→ How to complete this task
Give back every entry below, unchanged.

── Entries provided ──

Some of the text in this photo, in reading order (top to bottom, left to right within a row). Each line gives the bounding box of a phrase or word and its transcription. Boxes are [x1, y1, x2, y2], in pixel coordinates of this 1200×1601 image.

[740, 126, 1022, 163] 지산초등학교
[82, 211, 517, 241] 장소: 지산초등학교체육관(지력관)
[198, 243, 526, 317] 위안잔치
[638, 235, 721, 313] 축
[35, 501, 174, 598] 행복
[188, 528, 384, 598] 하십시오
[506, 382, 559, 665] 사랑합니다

───

→ Answer section
Some of the text in this photo, in reading order (top to bottom, left to right within a row). Each line gives the bounding box of a phrase or word and its transcription. Boxes are [x1, y1, x2, y2], in pixel coordinates of this 1200×1601 image.

[740, 126, 1022, 163] 지산초등학교
[82, 211, 517, 241] 장소: 지산초등학교체육관(지력관)
[198, 243, 526, 317] 위안잔치
[638, 235, 721, 313] 축
[35, 501, 174, 598] 행복
[188, 528, 384, 598] 하십시오
[506, 382, 559, 665] 사랑합니다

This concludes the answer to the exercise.